11 min read

Resident WiFi that actually works. And stays working.

Table of Contents

A Worthing nursing home was running resident internet over its office network, with thick walls cutting signal and complaints growing. We built a dedicated, fully isolated resident service from the ground up.

Venue typeNursing home (resident bedrooms plus communal areas, with a separate upstairs admin office)
LocationGoring-by-Sea, Worthing, West Sussex
SizeApproximately 55-bed capacity, multiple resident rooms and shared communal spaces across two levels
Peak demandSteady demand across the day, with peaks in evenings and weekends as residents use iPads, phones and laptops
Services deliveredWiFi site survey, structured cabling, VLAN design and isolation, access point deployment, wireless handset and door entry integration, managed support
TimelineSurvey and installation completed; go-live date held in job file. Ongoing managed service since.
Support modelManaged WiFi and network support, including remote health monitoring, proactive alerts and planned patching
Key resultReliable resident internet coverage across all bedrooms and communal areas, with the office network fully protected by VLAN isolation. Client describes the service as faultless.

Related services

1. What was the client’s problem?

The nursing home had a problem that is more common in care settings than most people realise: resident WiFi was not really a resident service at all. It was the upstairs office network, informally extended downstairs, doing a job it was never designed to do.

For a time that was manageable. It stopped being manageable as resident expectations rose, device use increased, and the building’s fabric worked against every attempt to push a reliable signal through floors and thick walls.

Symptoms
  • Coverage in resident bedrooms was weak and inconsistent, with dead spots across the building.
  • Thick walls and the floor and ceiling structure between levels caused significant signal loss.
  • Residents could not reliably use iPads, phones or laptops from their rooms.
  • The problem had been present for years, but became increasingly difficult to tolerate as resident demand grew.
Business impact
  • Complaints increased as reliable internet access became a basic expectation, not a bonus.
  • Visiting family found connectivity was poor when they came to see residents.
  • The office network was at risk from unmanaged resident device usage sharing the same infrastructure.

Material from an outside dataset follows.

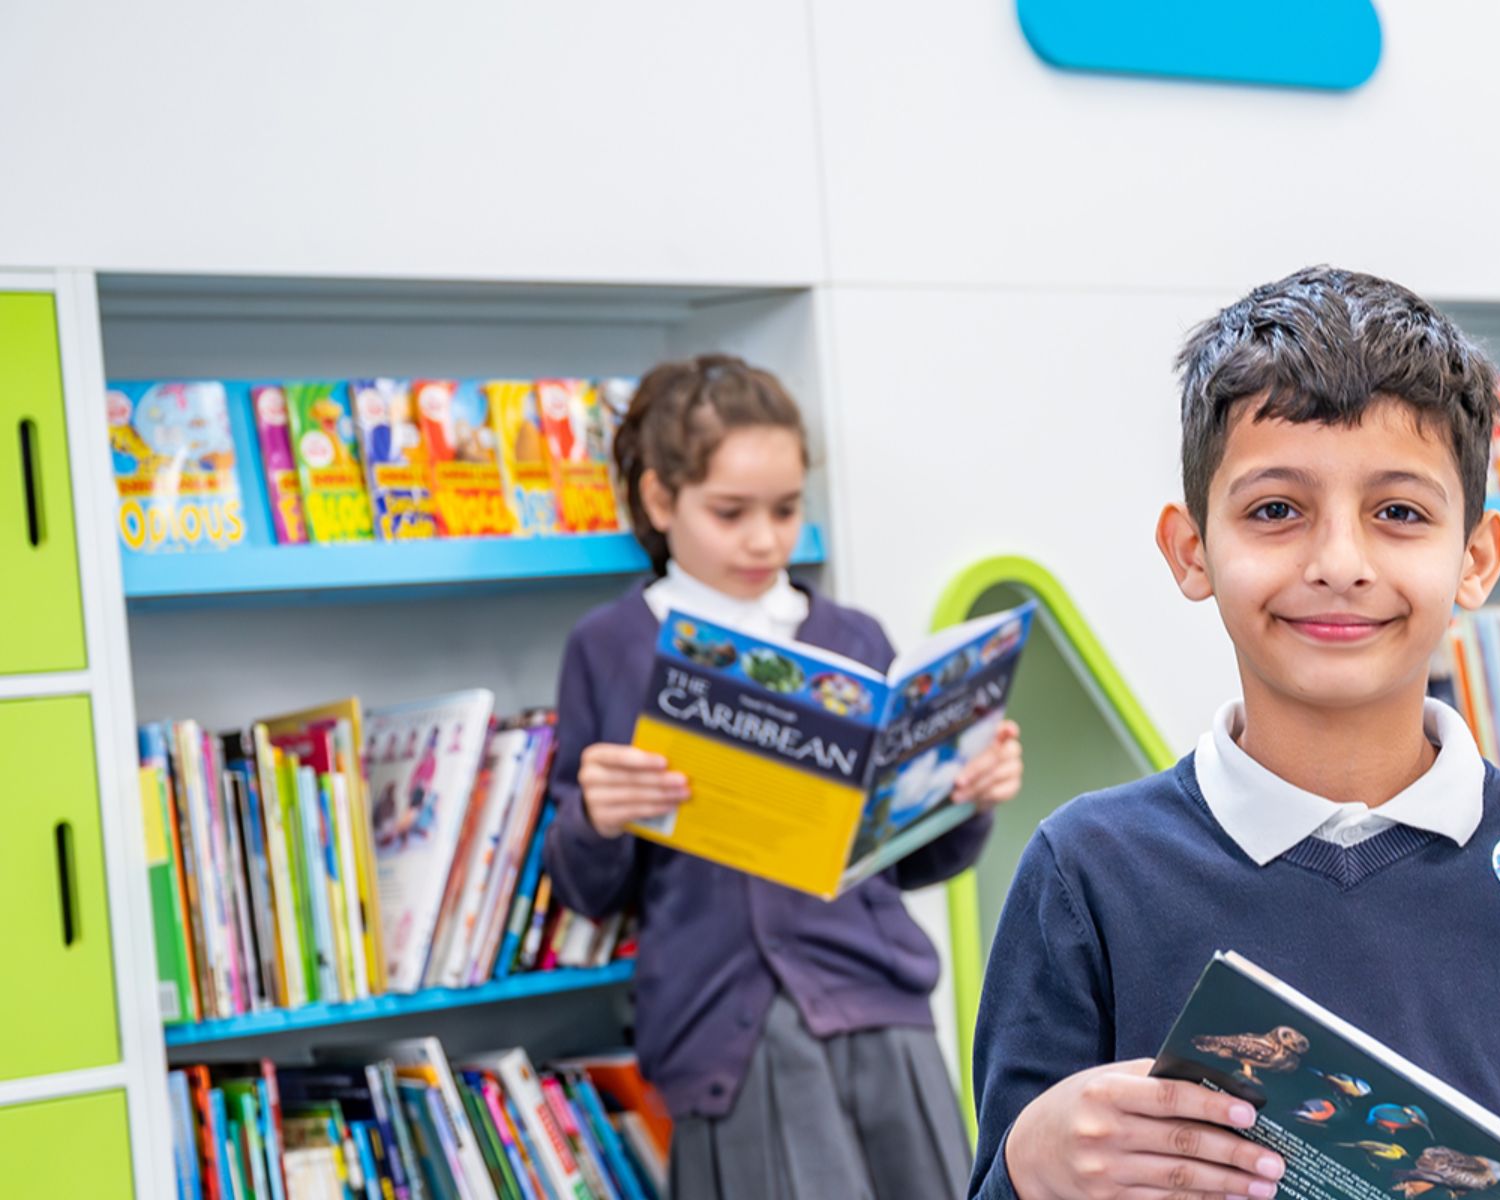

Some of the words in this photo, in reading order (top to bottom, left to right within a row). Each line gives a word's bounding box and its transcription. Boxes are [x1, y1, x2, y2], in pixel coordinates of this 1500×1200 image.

[119, 499, 244, 549] ODIOUS
[665, 666, 712, 694] THE
[658, 686, 857, 776] CARIBBEAN

What triggered the project: A clear decision by the nursing home to provide a proper, dedicated resident internet service, separated from the office network, and designed to work within the constraints of the building.

Client requirements
  • A dedicated, controlled connection run from the upstairs office comms area down to the resident floors.
  • A VLAN ensuring resident internet traffic has no access to or visibility of office systems.
  • Structured cabling installed throughout the resident areas.
  • Access points covering all bedrooms and communal spaces reliably.
  • A stable, straightforward solution to support in a care environment.
Constraints
  • Older building with thick walls and challenging internal structure causing significant WiFi attenuation.
  • Long cable runs required to reach all wings and coverage zones.
  • Care setting constraints: installation routes needed to be tidy and disruption kept to an absolute minimum.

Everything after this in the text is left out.